Tra i numerosi artisti con cui ha collaborato ci sono: Uri Caine, Louis Sclavis, Ernst Reijseger, Pierre Dørge, Kenny Wheeler, Franco D’Andrea, Sylvie Curvoisier, Ralph Alessi, Butch Morris, Ettore Fioravanti, Bruno Tommaso, Giorgio Gaslini, Simone Guiducci, Cristiano Calcagnile, Giancarlo Tossani, Vincenzo Vasi, Giovanni Falzone, Umberto Petrin, prendendo parte inoltre alla registrazione di numerosi Cd e concerti in Europa e nel mondo.
Come leader Achille Succi ha al suo attivo due Cd, Shiva’s dance e Terra, oltre ad un lavoro in duo con il contrabbassista Salvatore Maiore: Pequenas flores do inferno.
Insieme a Fabrizio Puglisi e Alberto Capelli ha fondato il gruppo “Atman” e realzzato i Cd: Atman e Puntolinea.

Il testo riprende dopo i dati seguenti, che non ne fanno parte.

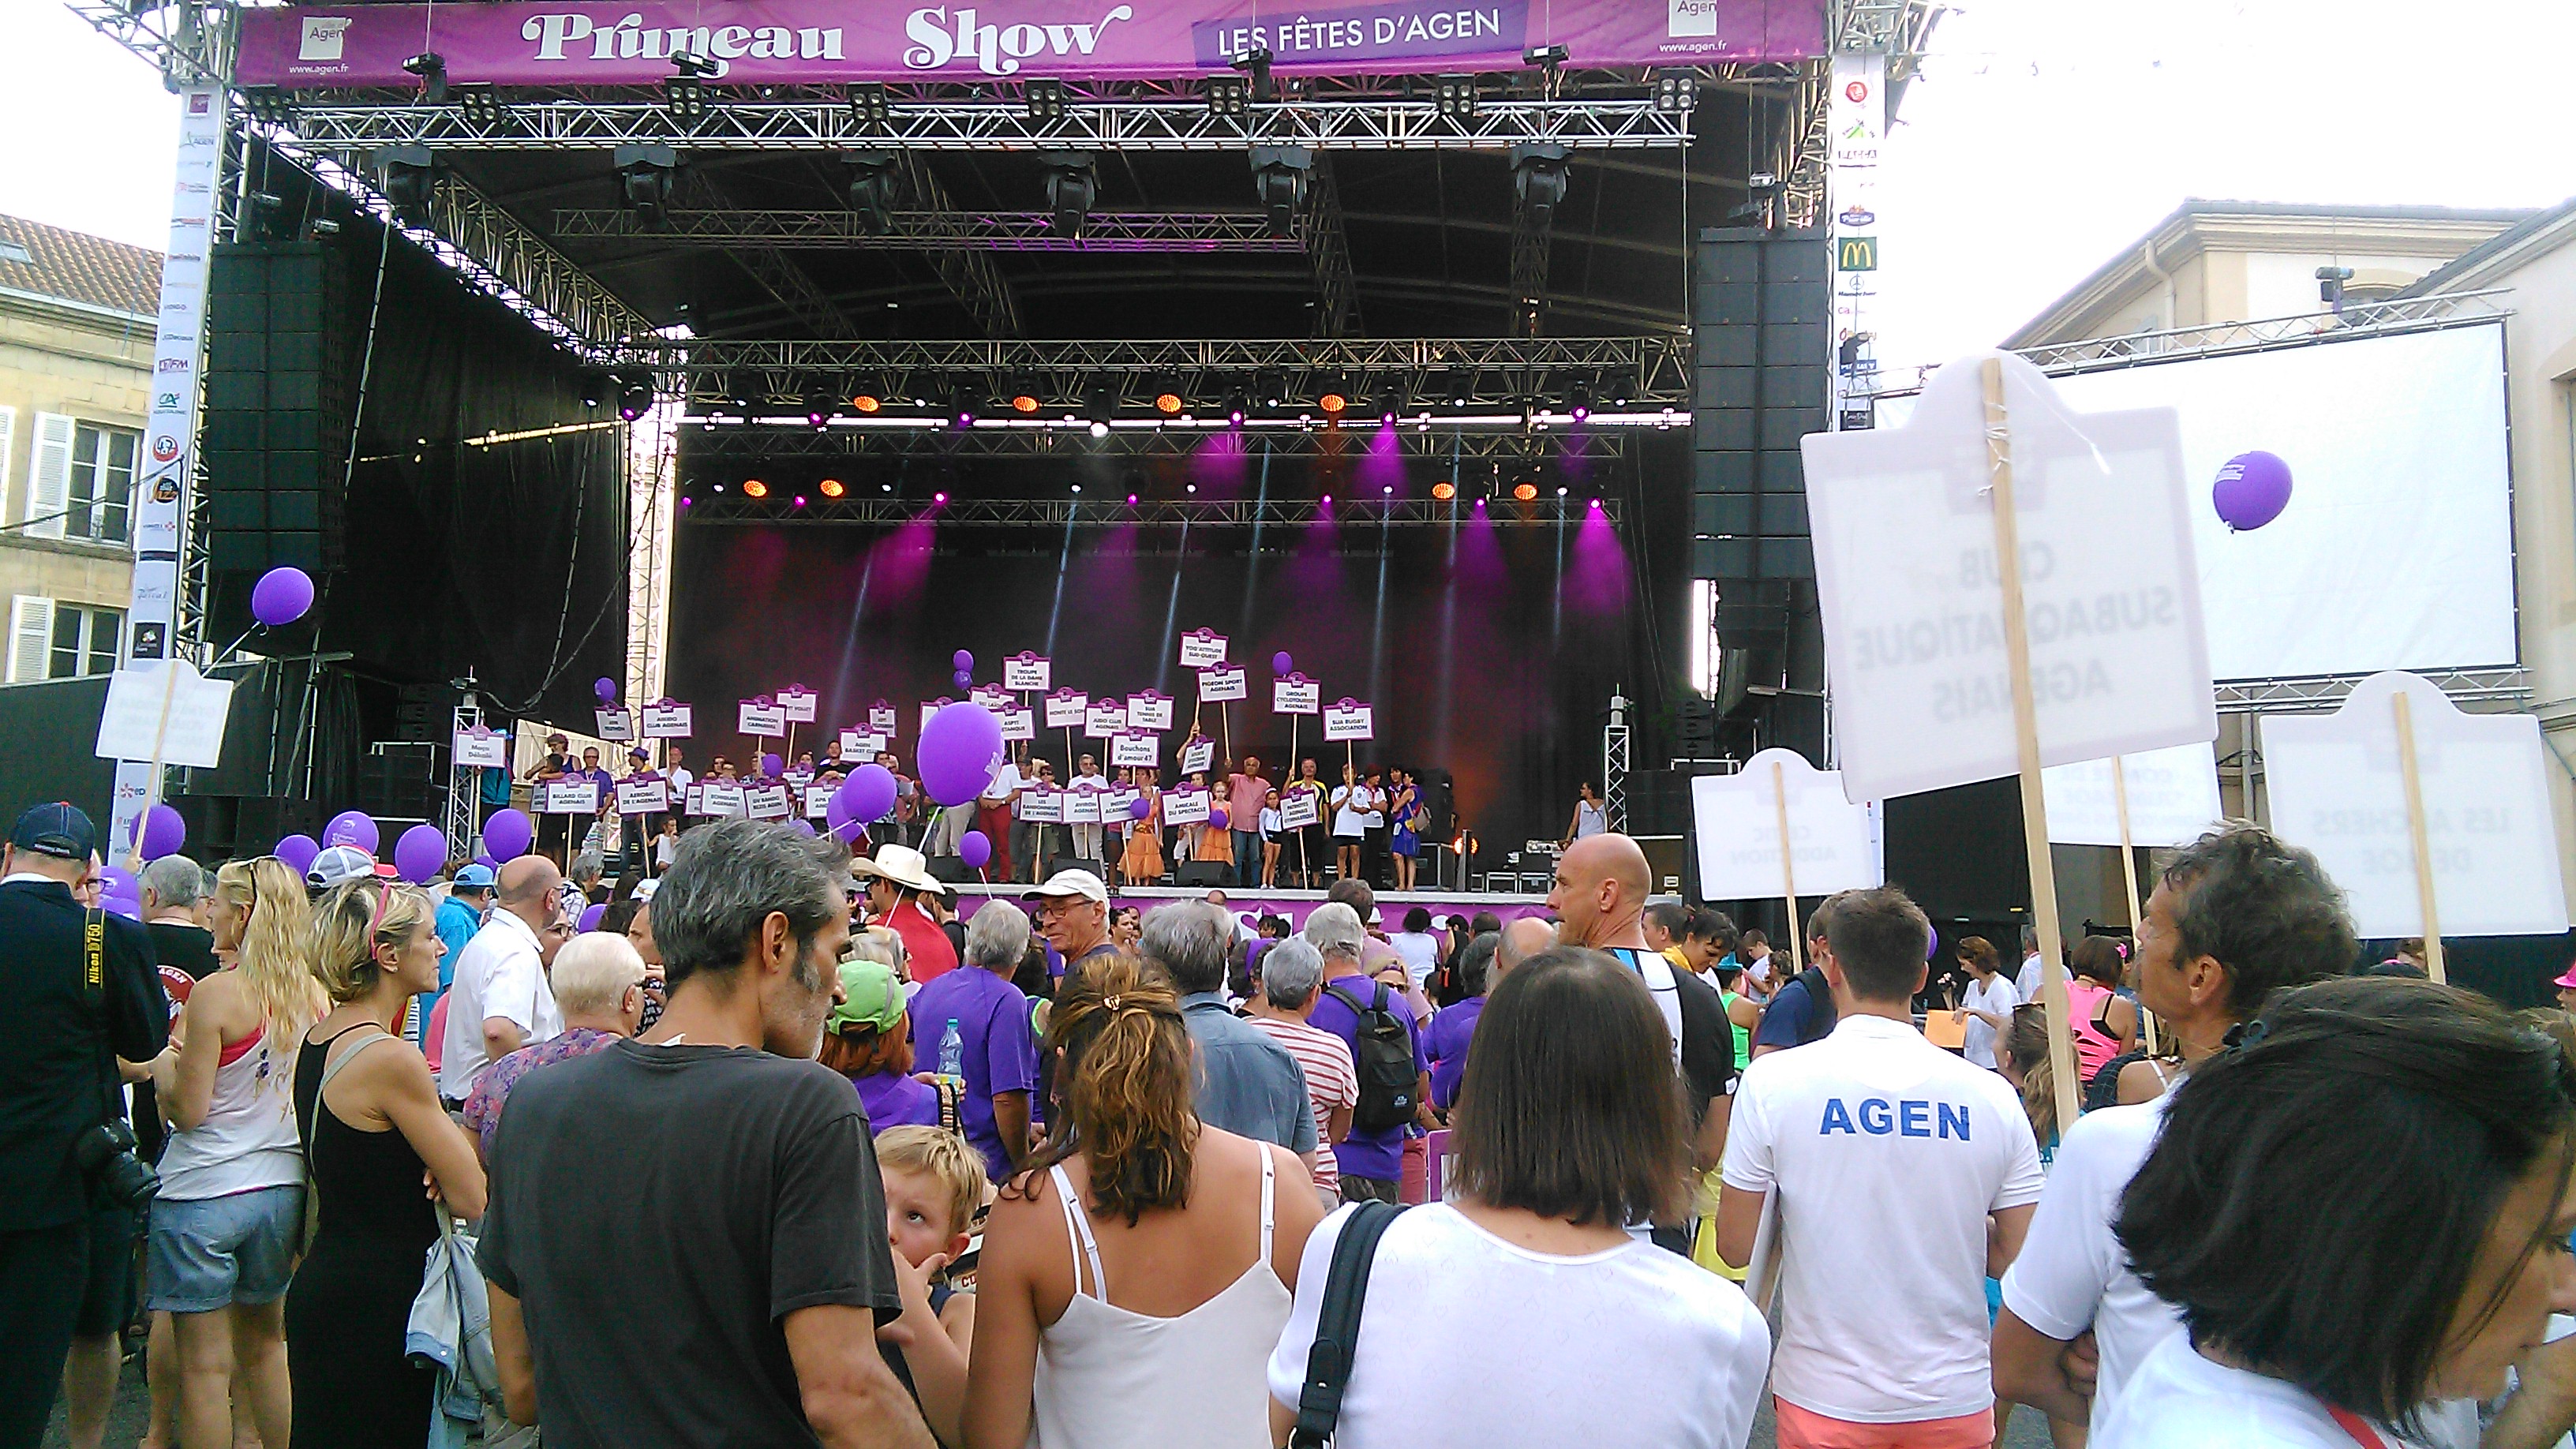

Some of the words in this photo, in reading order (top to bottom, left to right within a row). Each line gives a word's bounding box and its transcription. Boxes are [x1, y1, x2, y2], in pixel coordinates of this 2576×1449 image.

Intensa anche la sua attività didattica presso i più importanti conservatori ed istituzioni italiane, come i Conservatori di Bologna, Ferrara, Brescia, Rovigo, Milano e la Libera Università del Jazz di Siena. All’estero è stato docente agli European Jazz Workshops di Hessen (Germania) e alla Musik Akademie di Poznan (Polonia).
Nel 2010 è stato votato dalla rivista «Insound» migliore musicista nella categoria fiati. Nel 2012 è stato votato dalla rivista «Jazzit» come migliore musicista nella categoria sax contralto.